Rouzrokh Pouria, Khosravi Bardia, Faghani Shahriar, Moassefi Mana, Vera Garcia Diana V, Singh Yashbir, Zhang Kuan, Conte Gian Marco, Erickson Bradley J
Radiology Informatics Laboratory, Department of Radiology, Mayo Clinic, 200 1st St SW, Rochester, MN 55905.
Radiol Artif Intell. 2022 Aug 24;4(5):e210290. doi: 10.1148/ryai.210290. eCollection 2022 Sep.

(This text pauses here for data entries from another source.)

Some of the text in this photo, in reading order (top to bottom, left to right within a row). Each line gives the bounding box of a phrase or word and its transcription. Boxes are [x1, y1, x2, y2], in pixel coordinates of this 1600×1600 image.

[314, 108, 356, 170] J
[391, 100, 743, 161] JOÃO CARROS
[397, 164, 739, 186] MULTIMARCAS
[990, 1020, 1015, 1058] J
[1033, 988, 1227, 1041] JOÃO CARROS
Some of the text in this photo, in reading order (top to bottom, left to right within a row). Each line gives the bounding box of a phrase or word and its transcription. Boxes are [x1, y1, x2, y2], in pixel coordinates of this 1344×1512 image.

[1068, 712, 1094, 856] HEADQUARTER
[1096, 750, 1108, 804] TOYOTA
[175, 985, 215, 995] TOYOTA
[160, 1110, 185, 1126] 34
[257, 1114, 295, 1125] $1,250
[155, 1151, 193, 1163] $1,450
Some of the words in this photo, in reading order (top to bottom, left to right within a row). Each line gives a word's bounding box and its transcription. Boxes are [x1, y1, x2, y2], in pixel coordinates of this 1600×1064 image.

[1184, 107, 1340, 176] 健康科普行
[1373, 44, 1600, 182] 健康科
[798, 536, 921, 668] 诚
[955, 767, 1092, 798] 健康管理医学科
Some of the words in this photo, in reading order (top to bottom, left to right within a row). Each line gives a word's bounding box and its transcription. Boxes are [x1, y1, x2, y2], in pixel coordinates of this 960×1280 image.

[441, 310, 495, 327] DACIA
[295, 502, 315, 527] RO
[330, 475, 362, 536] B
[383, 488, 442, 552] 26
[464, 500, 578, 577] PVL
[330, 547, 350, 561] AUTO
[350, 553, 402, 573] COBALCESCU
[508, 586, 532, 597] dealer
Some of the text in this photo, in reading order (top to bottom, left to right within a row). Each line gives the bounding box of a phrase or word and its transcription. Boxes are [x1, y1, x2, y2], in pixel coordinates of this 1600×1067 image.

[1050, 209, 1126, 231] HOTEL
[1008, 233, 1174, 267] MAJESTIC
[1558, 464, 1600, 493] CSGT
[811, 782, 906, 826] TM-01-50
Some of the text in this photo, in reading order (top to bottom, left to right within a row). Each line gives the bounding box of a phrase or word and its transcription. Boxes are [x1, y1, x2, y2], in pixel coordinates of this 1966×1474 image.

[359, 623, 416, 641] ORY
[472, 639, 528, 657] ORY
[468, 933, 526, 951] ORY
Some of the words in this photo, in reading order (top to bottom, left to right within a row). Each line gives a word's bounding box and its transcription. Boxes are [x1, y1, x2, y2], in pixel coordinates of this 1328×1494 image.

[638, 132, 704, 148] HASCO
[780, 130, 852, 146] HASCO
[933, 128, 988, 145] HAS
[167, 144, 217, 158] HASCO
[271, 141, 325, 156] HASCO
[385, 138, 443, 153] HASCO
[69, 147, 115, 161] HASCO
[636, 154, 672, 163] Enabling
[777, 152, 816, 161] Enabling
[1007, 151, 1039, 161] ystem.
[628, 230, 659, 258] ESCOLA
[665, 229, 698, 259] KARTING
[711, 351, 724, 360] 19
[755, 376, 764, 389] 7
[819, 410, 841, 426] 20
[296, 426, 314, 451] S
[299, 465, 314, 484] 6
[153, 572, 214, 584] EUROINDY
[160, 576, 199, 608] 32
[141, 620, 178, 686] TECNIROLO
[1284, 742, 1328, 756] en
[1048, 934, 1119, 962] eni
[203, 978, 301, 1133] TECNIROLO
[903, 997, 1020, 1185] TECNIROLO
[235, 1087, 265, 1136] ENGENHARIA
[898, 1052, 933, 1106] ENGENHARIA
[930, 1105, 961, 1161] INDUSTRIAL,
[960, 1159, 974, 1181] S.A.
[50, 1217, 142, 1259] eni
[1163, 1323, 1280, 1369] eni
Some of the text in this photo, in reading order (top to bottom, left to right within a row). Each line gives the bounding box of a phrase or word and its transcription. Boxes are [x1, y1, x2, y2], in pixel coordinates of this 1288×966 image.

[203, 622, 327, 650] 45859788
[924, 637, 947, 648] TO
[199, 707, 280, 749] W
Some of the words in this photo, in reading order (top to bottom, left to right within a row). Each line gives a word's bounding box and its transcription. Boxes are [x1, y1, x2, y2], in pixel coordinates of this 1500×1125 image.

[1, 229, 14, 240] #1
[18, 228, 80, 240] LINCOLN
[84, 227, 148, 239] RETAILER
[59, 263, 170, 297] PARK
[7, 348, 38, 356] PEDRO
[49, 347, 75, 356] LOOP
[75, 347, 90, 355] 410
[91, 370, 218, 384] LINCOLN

Minimizing bias is critical to adoption and implementation of machine learning (ML) in clinical practice. Systematic mathematical biases produce consistent and reproducible differences between the observed and expected performance of ML systems, resulting in suboptimal performance. Such biases can be traced back to various phases of ML development: data handling, model development, and performance evaluation. This report presents 12 suboptimal practices during data handling of an ML study, explains how those practices can lead to biases, and describes what may be done to mitigate them. Authors employ an arbitrary and simplified framework that splits ML data handling into four steps: data collection, data investigation, data splitting, and feature engineering. Examples from the available research literature are provided. A Google Colaboratory Jupyter notebook includes code examples to demonstrate the suboptimal practices and steps to prevent them. Data Handling, Bias, Machine Learning, Deep Learning, Convolutional Neural Network (CNN), Computer-aided Diagnosis (CAD) © RSNA, 2022.
在临床实践中,尽量减少偏差对于机器学习(ML)的采用和实施至关重要。系统性数学偏差会在ML系统的观察性能和预期性能之间产生一致且可重复的差异,从而导致性能次优。此类偏差可追溯到ML开发的各个阶段:数据处理、模型开发和性能评估。本报告介绍了ML研究数据处理过程中的12种次优做法,解释了这些做法如何导致偏差,并描述了减轻偏差的措施。作者采用了一个任意且简化的框架,将ML数据处理分为四个步骤:数据收集、数据调查、数据拆分和特征工程。提供了现有研究文献中的示例。一个Google Colaboratory Jupyter笔记本包含代码示例,以演示次优做法及预防措施。数据处理、偏差、机器学习、深度学习、卷积神经网络(CNN)、计算机辅助诊断(CAD)©RSNA,2022年。